Make an exact copy of the records below, excluding images.

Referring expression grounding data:
================================
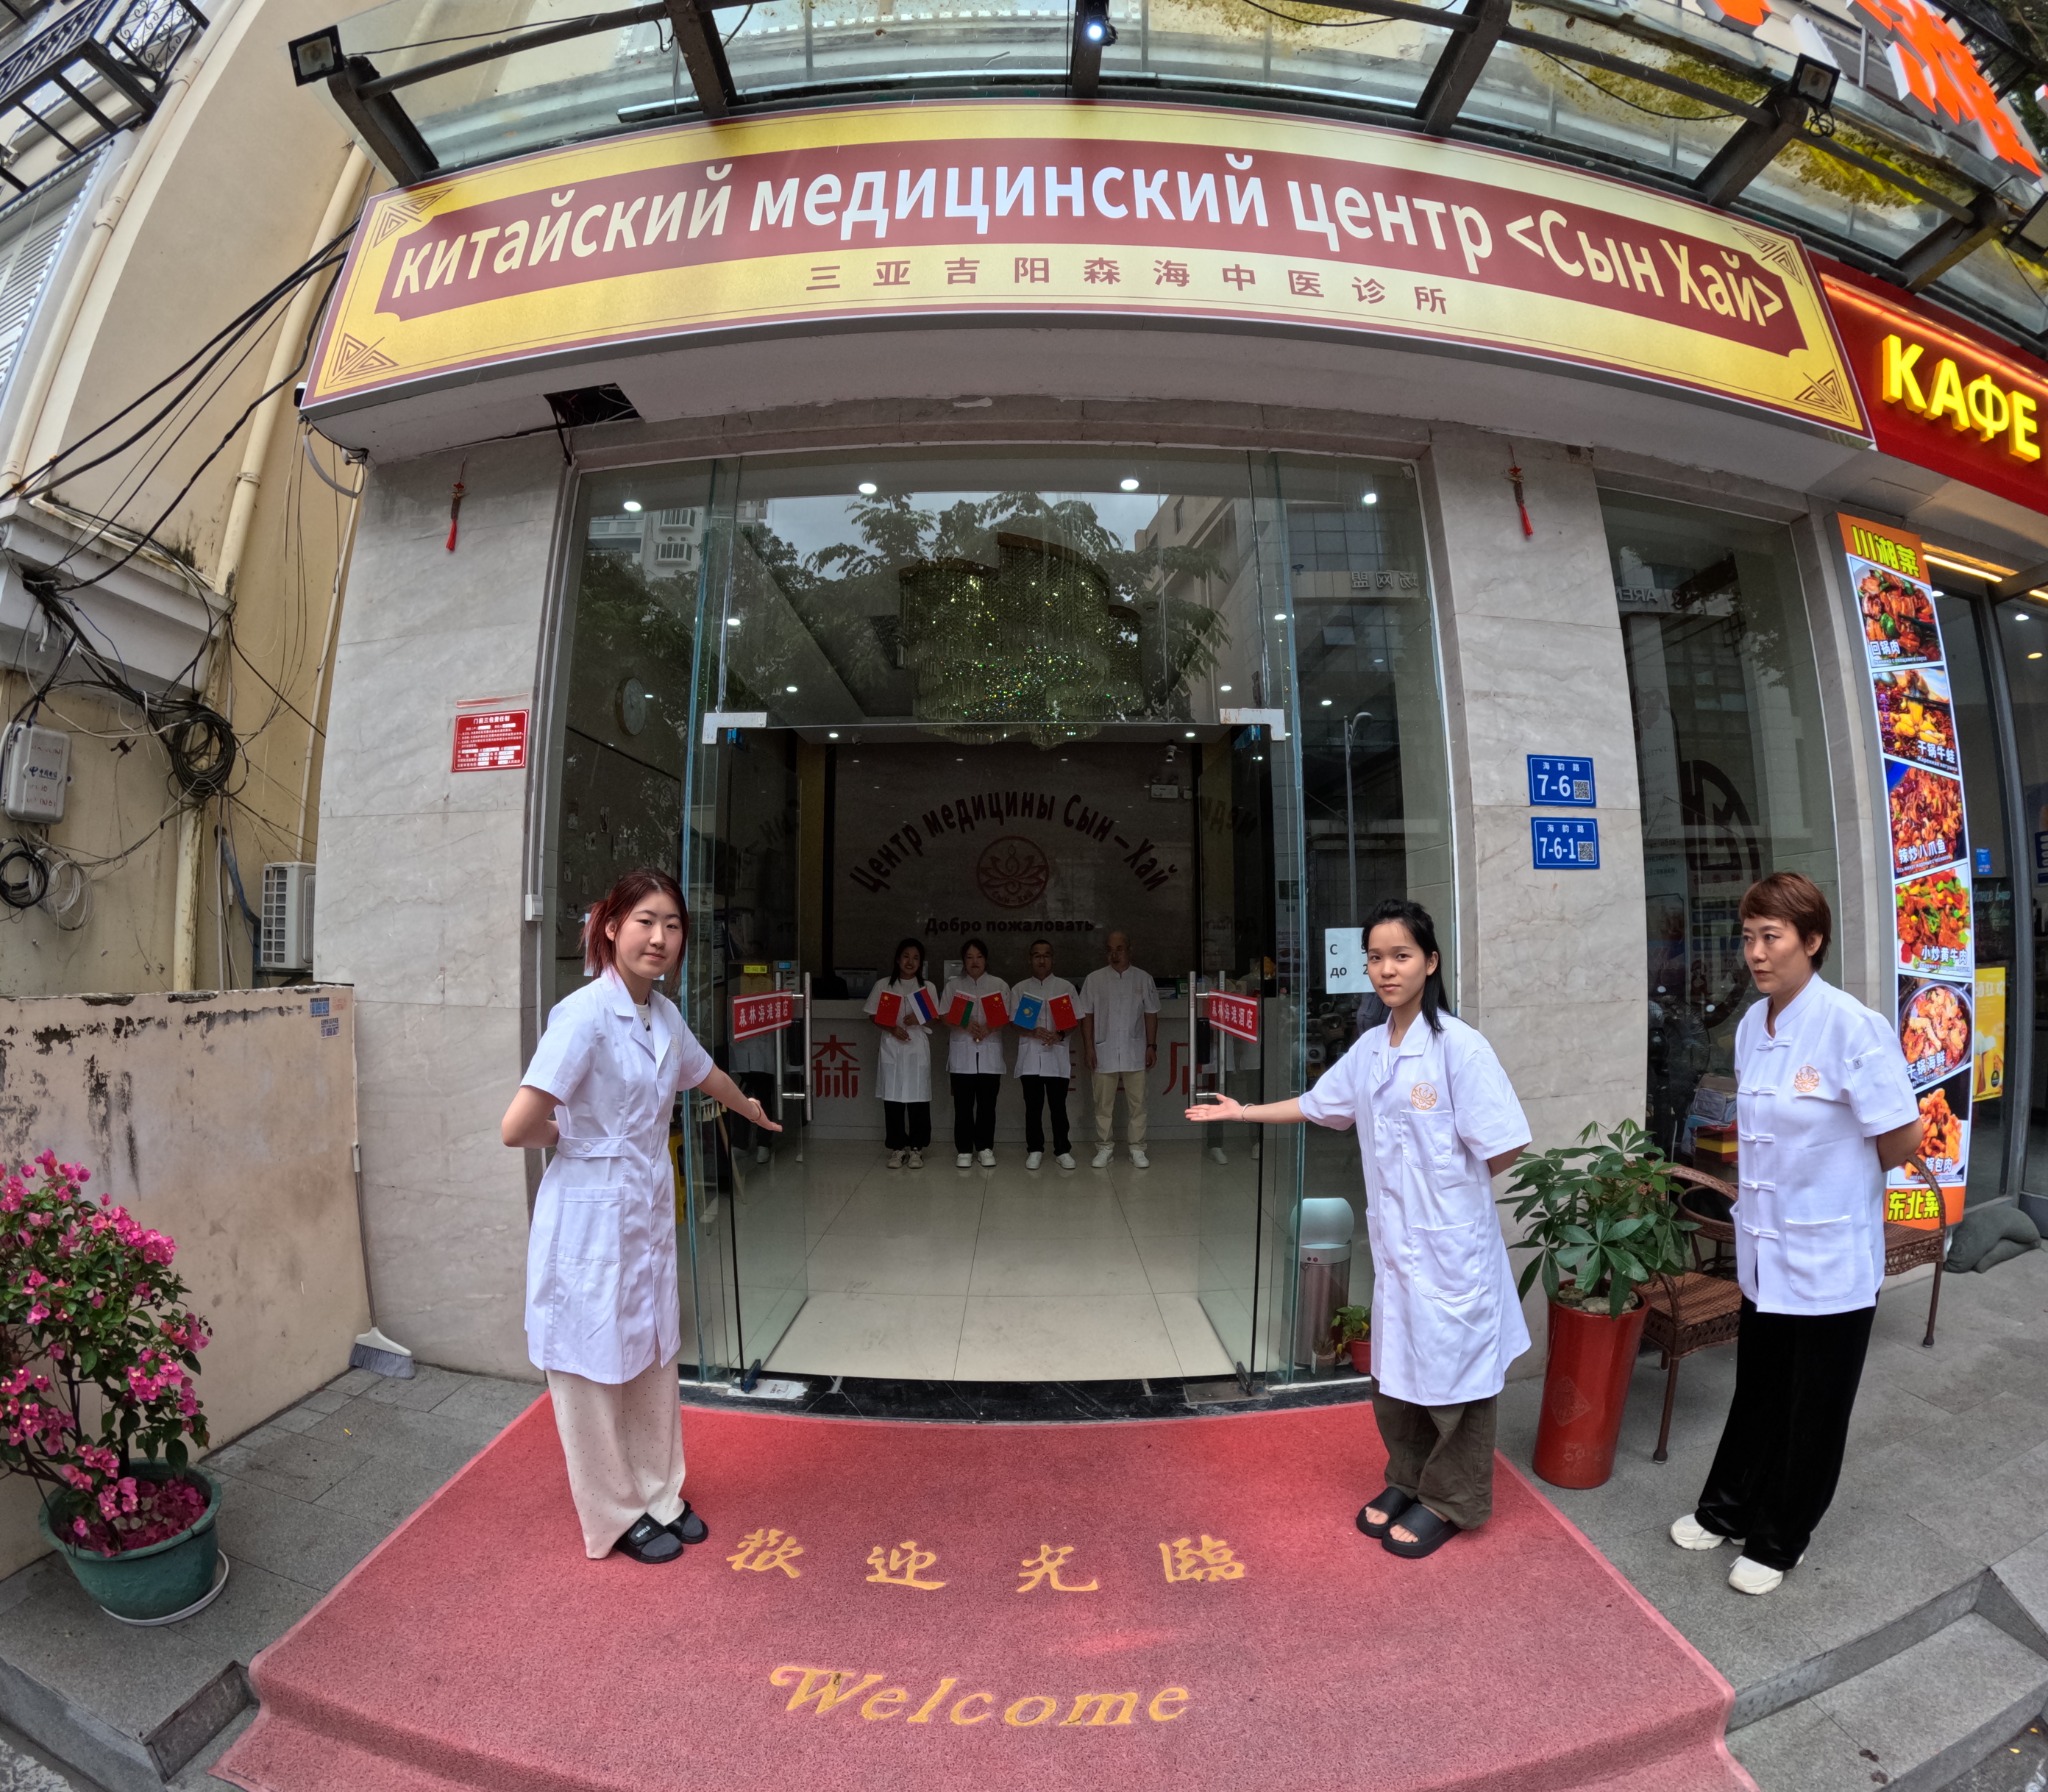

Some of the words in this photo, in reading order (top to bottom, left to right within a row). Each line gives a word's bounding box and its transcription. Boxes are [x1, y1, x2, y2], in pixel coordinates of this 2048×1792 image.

[391, 163, 733, 299] китайский
[749, 153, 1269, 241] медицинский
[1287, 180, 1494, 274] центр
[805, 255, 1448, 315] 三亚吉阳森海中医诊所
[1882, 334, 2041, 463] КАФЕ
[1851, 525, 1921, 578] 川湘菜
[1537, 774, 1571, 797] 7-6
[850, 823, 924, 893] Центр
[922, 791, 1056, 838] медицины
[1539, 837, 1577, 859] 7-6-1
[925, 917, 982, 935] Добро
[986, 918, 1095, 933] пожаловать
[1330, 966, 1347, 979] до
[1921, 945, 1969, 966] 小炒黄牛肉
[1886, 1190, 1941, 1222] 东北菜
[769, 1665, 1192, 1727] Welcome
================================
▸ **RESULT OF THIS TASK**:
Some of the words in this photo, in reading order (top to bottom, left to right within a row). Each line gives a word's bounding box and its transcription. Boxes are [x1, y1, x2, y2], in pixel coordinates of this 2048×1792 image.

[391, 163, 733, 299] китайский
[749, 153, 1269, 241] медицинский
[1287, 180, 1494, 274] центр
[805, 255, 1448, 315] 三亚吉阳森海中医诊所
[1882, 334, 2041, 463] КАФЕ
[1851, 525, 1921, 578] 川湘菜
[1537, 774, 1571, 797] 7-6
[850, 823, 924, 893] Центр
[922, 791, 1056, 838] медицины
[1539, 837, 1577, 859] 7-6-1
[925, 917, 982, 935] Добро
[986, 918, 1095, 933] пожаловать
[1330, 966, 1347, 979] до
[1921, 945, 1969, 966] 小炒黄牛肉
[1886, 1190, 1941, 1222] 东北菜
[769, 1665, 1192, 1727] Welcome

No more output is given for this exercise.